Michael Pollan (Rebroadcast)

Journalist Michael Pollan discusses nutritionalism, health experts, and America’s unhealthy obsession with being healthy.

Michael Pollan begins his lecture by praising Portland for being one of the incubators of true healthy eating before moving on to discuss the new American food culture. He describes how many Americans have developed an unhealthy obsession with being healthy, which has actually backfired, as evidenced by the obesity epidemic. He labels the prevailing American ideology as “nutritionalism,” which places primacy on the mysterious “nutrient” and requires expert insight to navigate. Next, Pollan questions the assumption that the sole reason to consume food is to be healthy and encourages people to eat for pleasure, community, and spirituality as well. He goes on to describe the ways in which the food industry has benefitted from Americans’ obsession with scientific research and “miracle” ingredients. He addresses ways in which Americans can improve their current eating habits and provides suggestions for where to eat, when to eat, and how to consume natural ingredients. Pollan concludes his lecture by emphasizing the intimate relationship between all levels of the food chain.

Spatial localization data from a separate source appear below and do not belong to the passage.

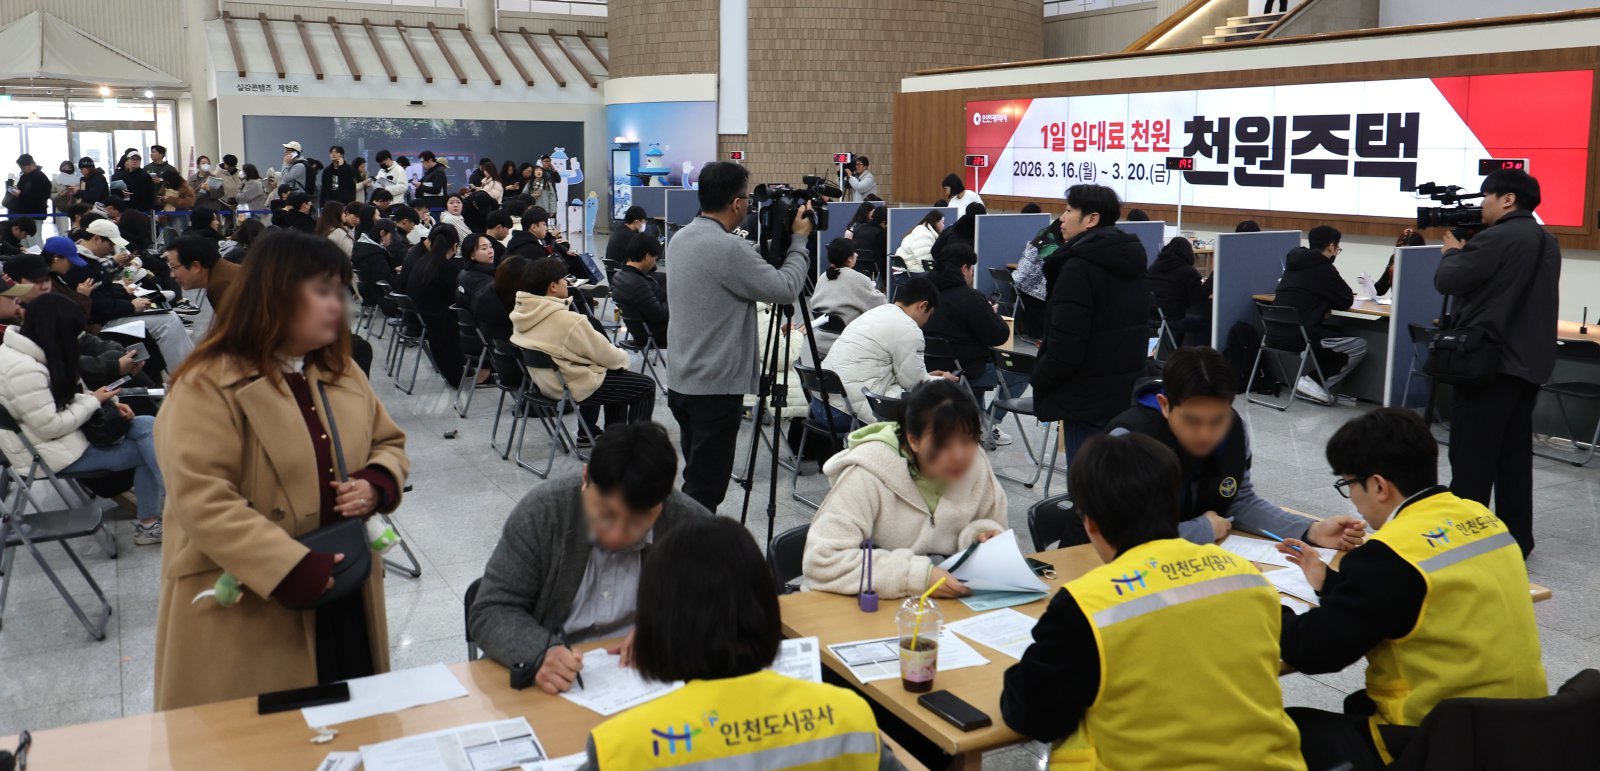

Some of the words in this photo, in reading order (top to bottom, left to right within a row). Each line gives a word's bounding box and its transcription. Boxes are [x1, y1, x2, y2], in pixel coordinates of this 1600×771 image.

[1041, 121, 1066, 152] 1일
[1071, 120, 1125, 152] 임대료
[1131, 119, 1170, 152] 천원
[1183, 112, 1420, 192] 천원주택
[1013, 161, 1045, 177] 2026.
[1048, 161, 1058, 178] 3.
[1061, 161, 1097, 183] 16.(월)
[1112, 162, 1124, 180] 3.
[1128, 163, 1171, 185] 20.(금)
[1161, 554, 1238, 581] 인천도시공사
[720, 704, 835, 747] 인천도시공사

Michael Pollan is an American journalist, activist, and professor. He is the author of four New York Times bestselling books on food and healthy eating, including The Omnivore’s Dilemma: A Natural History of Four Meals, which was a finalist for the National Book Critics Circle Award, and The Botany of Desire, which was later adapted into a PBS documentary. In The Omnivore’s Dilemma, Pollan writes, “Eat Food. Not too much. Mostly plants,” going on to argue, “The way we eat represents our most profound engagement with the natural world.” In 2009, Pollan was named one of Newsweek’s top 10 “New Thought Leaders,” and in 2010 he was listed as one of the world’s 100 most influential people by TIME magazine. He went on to be awarded the Distinguished Service Award from the National Association of Biology Teachers in 2012 and the Premio Nonino prize in 2013. He teaches at UC Berkeley’s Graduate School of Journalism and serves as the director of the Knight Program in Science and Environmental Journalism.

Because nutrients are invisible—I mean, who’s ever seen a nutrient? Who’s ever tasted a nutrient?—they’re therefore slightly mysterious, and like many unseen things, you need experts to help you mediate your relationship to them. It’s a little bit like a religion.”

“Your personal health is not bordered by your body. You’re not a machine taking in either good or bad fuel. Your health is linked—your health depends on—the health of the whole food chain, of which you are a part.”

“Make no mistake, we are now teaching children how to become fast food consumers. We’re teaching them how to eat chicken nuggets and tater tots in ten minutes.”